_TASK REQUIREMENTS_
Reproduce each line below precisely. Drop the pictures.
═════ GIVEN RECORDS ═════
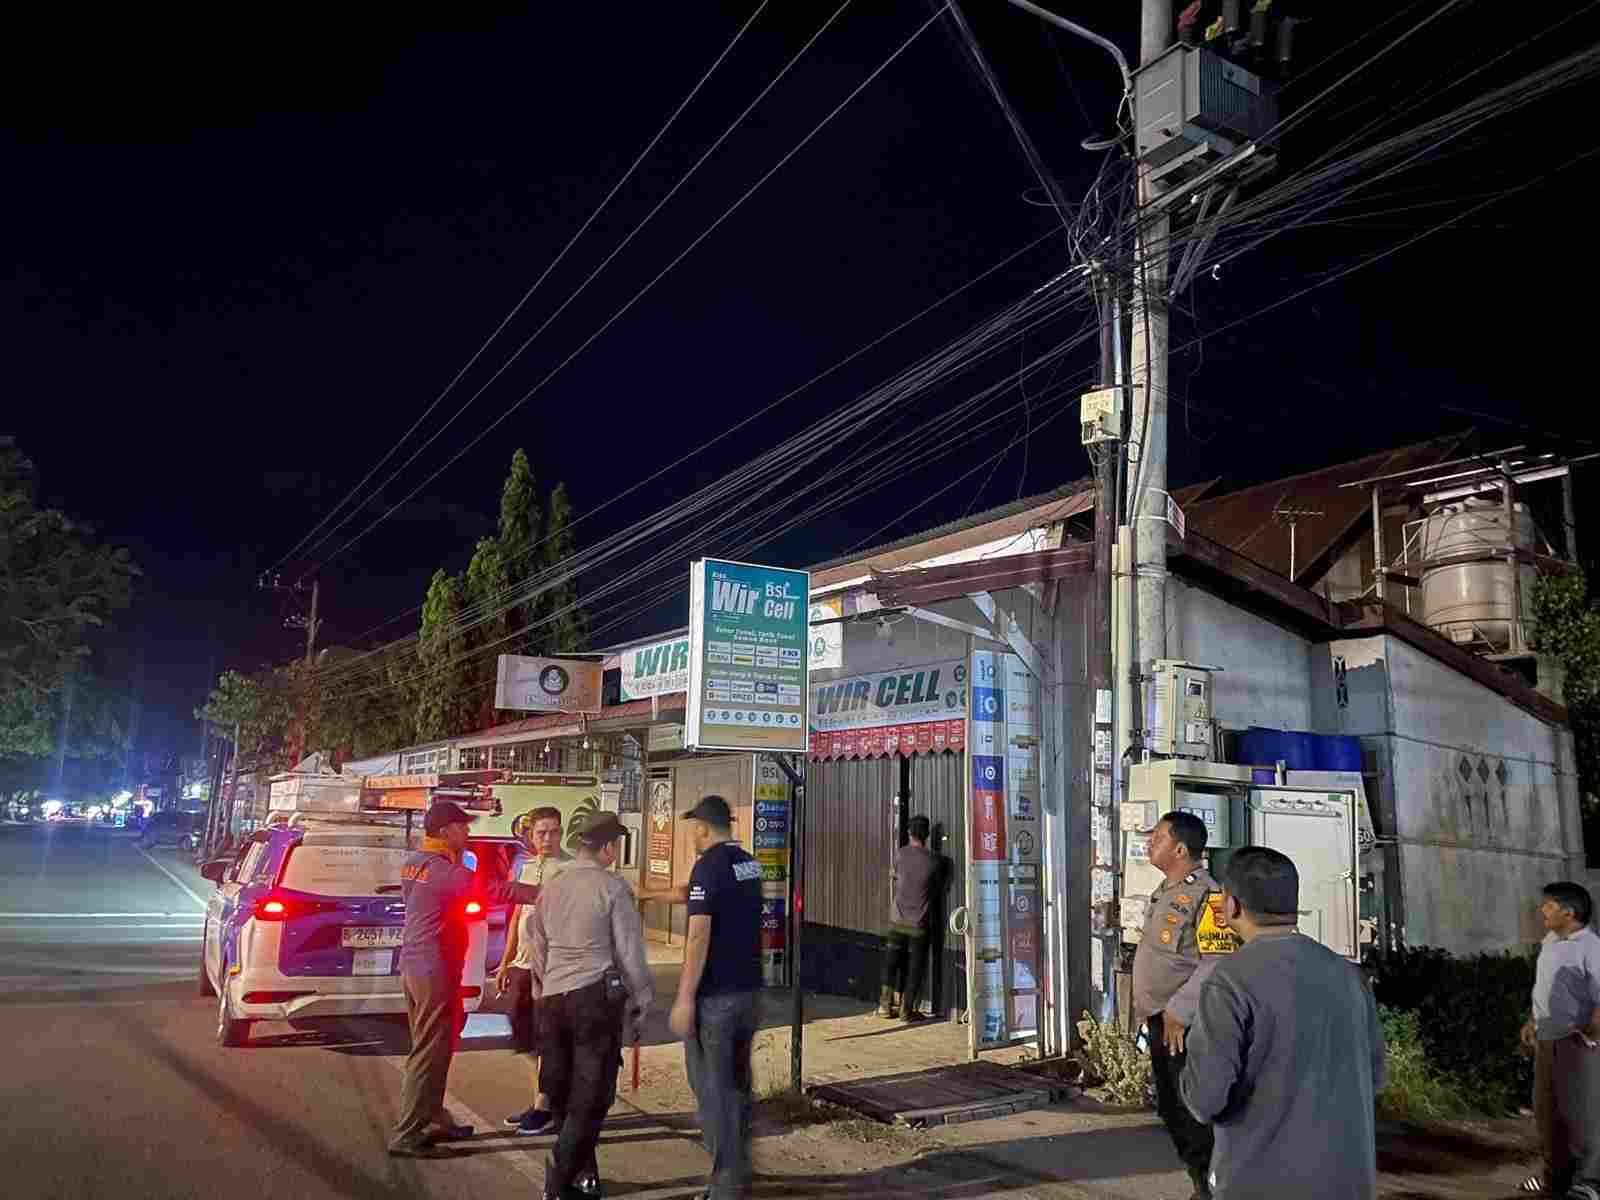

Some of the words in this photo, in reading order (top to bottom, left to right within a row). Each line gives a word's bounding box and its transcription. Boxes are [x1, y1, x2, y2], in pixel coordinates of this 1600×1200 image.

[711, 580, 760, 614] Wir
[764, 599, 795, 620] Cell
[633, 641, 689, 680] WIR
[815, 680, 870, 715] WIR
[875, 669, 941, 708] CELL
═════
_FINAL ANSWER_
Some of the words in this photo, in reading order (top to bottom, left to right within a row). Each line gives a word's bounding box and its transcription. Boxes are [x1, y1, x2, y2], in pixel coordinates of this 1600×1200 image.

[711, 580, 760, 614] Wir
[764, 599, 795, 620] Cell
[633, 641, 689, 680] WIR
[815, 680, 870, 715] WIR
[875, 669, 941, 708] CELL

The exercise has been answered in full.